フォトリーディングという速読法の”仮免許”を持ってます。以前より多少は早くなった、集中力が増した程度で、習得する、身につくまでに至ってないのが現状。それどころかもはや忘れてしまっているのが正直なところです。が、ライフネット生命保険の代表取締役会長兼CEO・出口治明さんの新書『本の「使い方」1万冊を血肉にした方法』(角川oneテーマ文庫)を読んで、衝撃を受けました。「速読よりも熟読」と主張されているのですから。
この言説には大いに勇気をいただきました。ときどき流し読みしてしまい、慌てて戻って目繰り返すこともあるくらいですから。そんな読書下手のヤツでも、読みたいものを愚直に読み通していいんだなぁと。
本著を超ざっくりいえば、「読み飛ばすな」「古典推し」「ビジネス書否定」。読書は著者との1対1の勝負。襟を正し、正座するくらいの姿勢で本と向き合うという考えに打たれました。人の話を聞くときにメモを取らないというのも、インタビューする人にとってはなるほどとなります。本を人に置き換えて考え、それくらい集中して臨めば、案外内容を忘れないものだ、と。

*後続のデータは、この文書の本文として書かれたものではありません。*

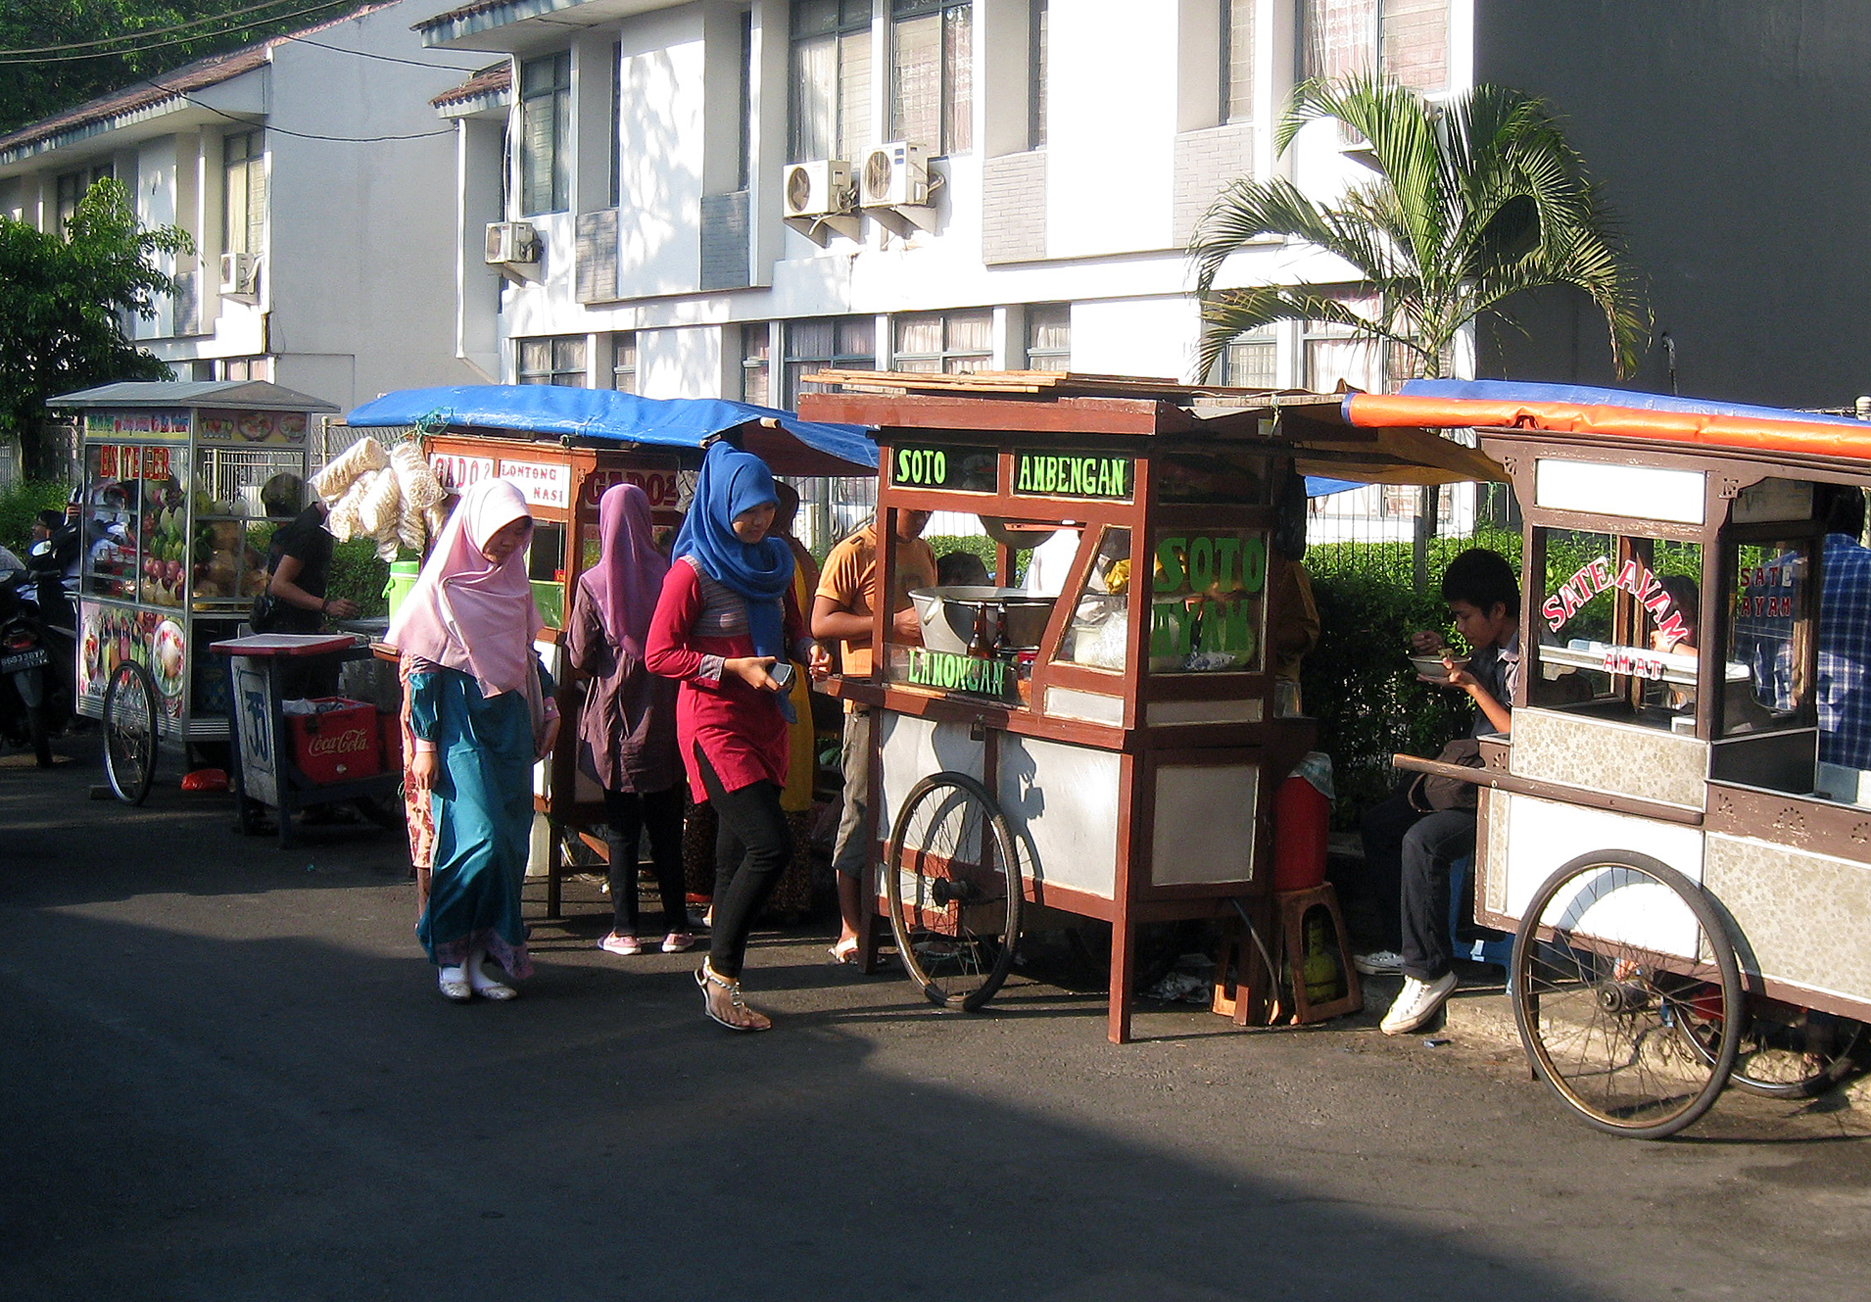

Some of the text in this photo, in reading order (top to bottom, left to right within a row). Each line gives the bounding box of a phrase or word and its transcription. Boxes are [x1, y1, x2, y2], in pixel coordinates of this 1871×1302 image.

[101, 445, 170, 480] ES TELER
[502, 464, 557, 480] LONTONG
[896, 449, 1125, 496] SOTO AMBENGAN
[534, 487, 563, 502] NASI
[1153, 537, 1265, 592] SOTO
[1740, 565, 1793, 587] SATE
[1542, 556, 1689, 650] SATE AYAM
[1740, 596, 1792, 617] AYAM
[1150, 600, 1249, 657] AYAM
[908, 650, 1006, 696] LAMONGAN
[308, 728, 368, 757] Coca-Cola
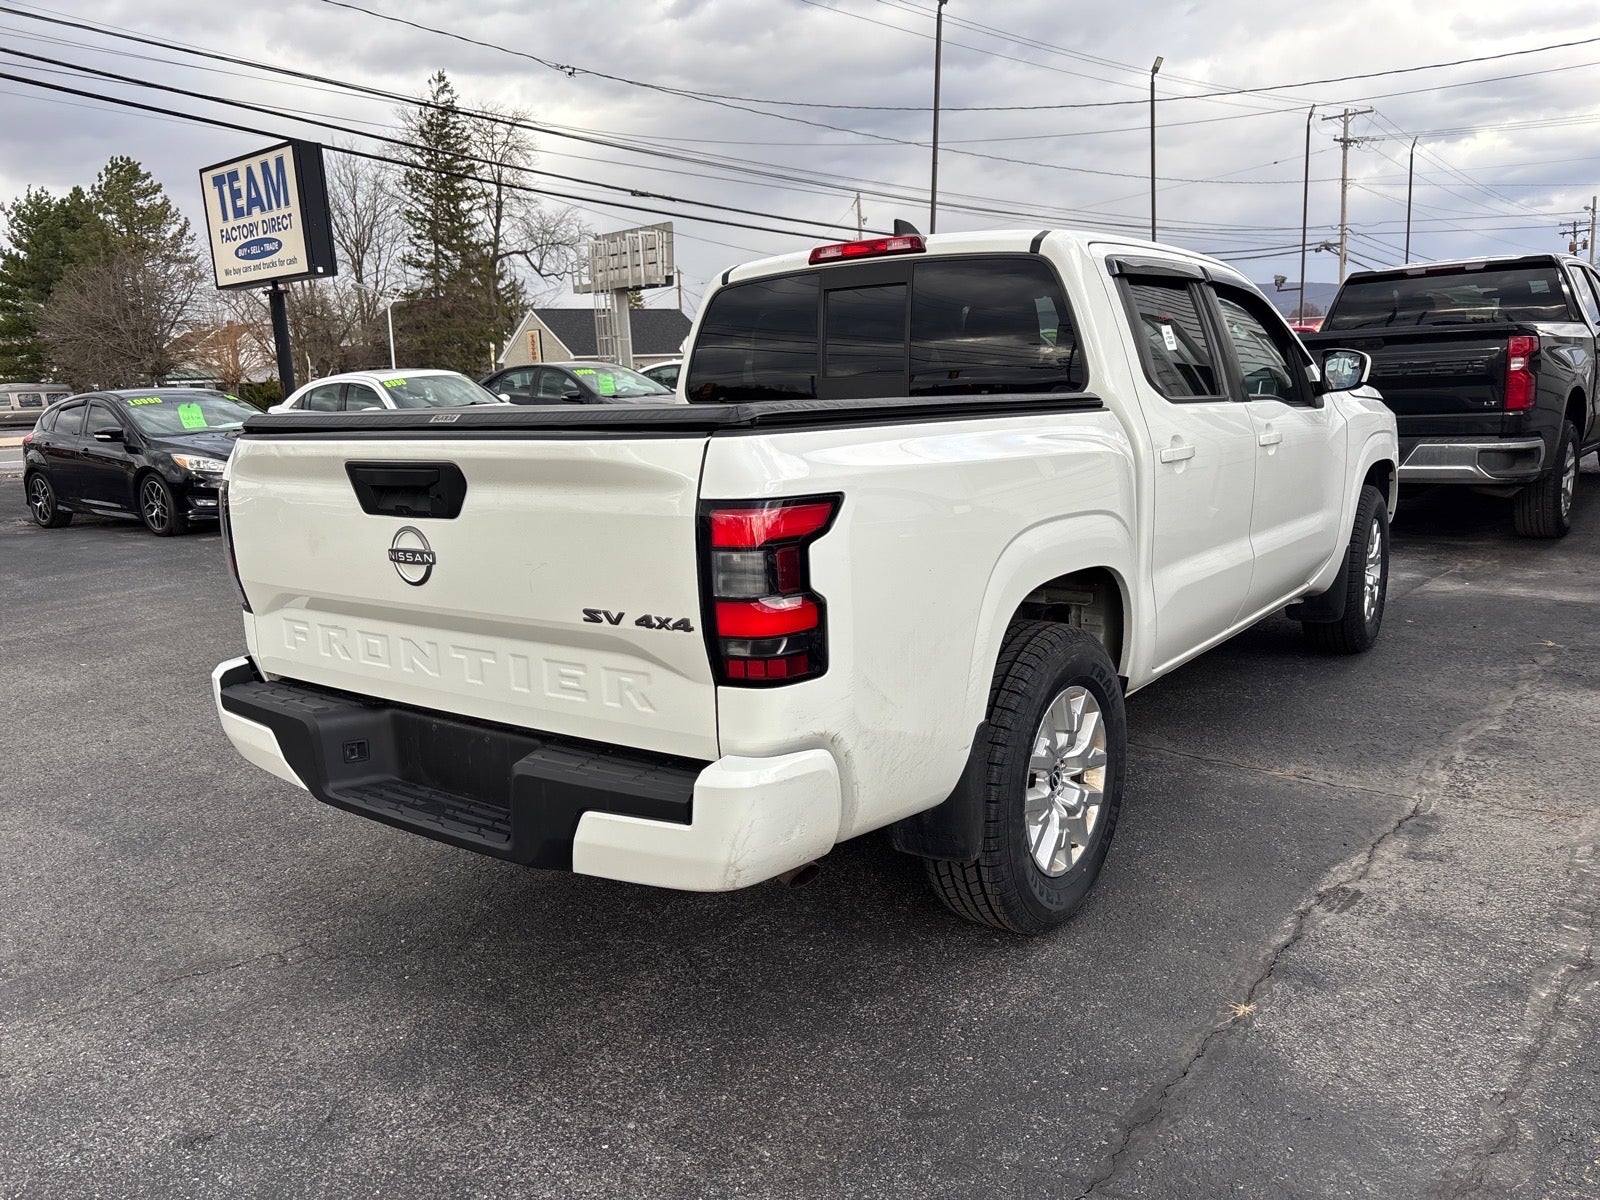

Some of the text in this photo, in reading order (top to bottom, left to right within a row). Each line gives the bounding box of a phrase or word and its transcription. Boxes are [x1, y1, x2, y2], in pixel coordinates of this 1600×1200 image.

[212, 155, 291, 223] TEAM
[220, 213, 293, 244] FACTORY DIRECT
[238, 241, 279, 257] BUY SELL TRADE
[224, 255, 298, 277] We buy cars and trucks for cash
[389, 550, 433, 563] NISSAN
[582, 608, 625, 626] SV
[282, 615, 657, 713] FRONTIER

なぜ古典が読み継がれてきたのか。他方、ビジネス書はなぜ勧められないのか。この解説から出口さんの確固たる哲学が浮かび上がります。
教養とを身につけるには「人・本・旅」から学ぶ。これはぼくも真似して使いたいくらい、全く同感です。一度駆け足で読みましたが、本著は改めて精読したいです。後半の「目的別のお薦め本」だけでも、資料価値あり。文学回帰を期した今年、端から読みたいぞ。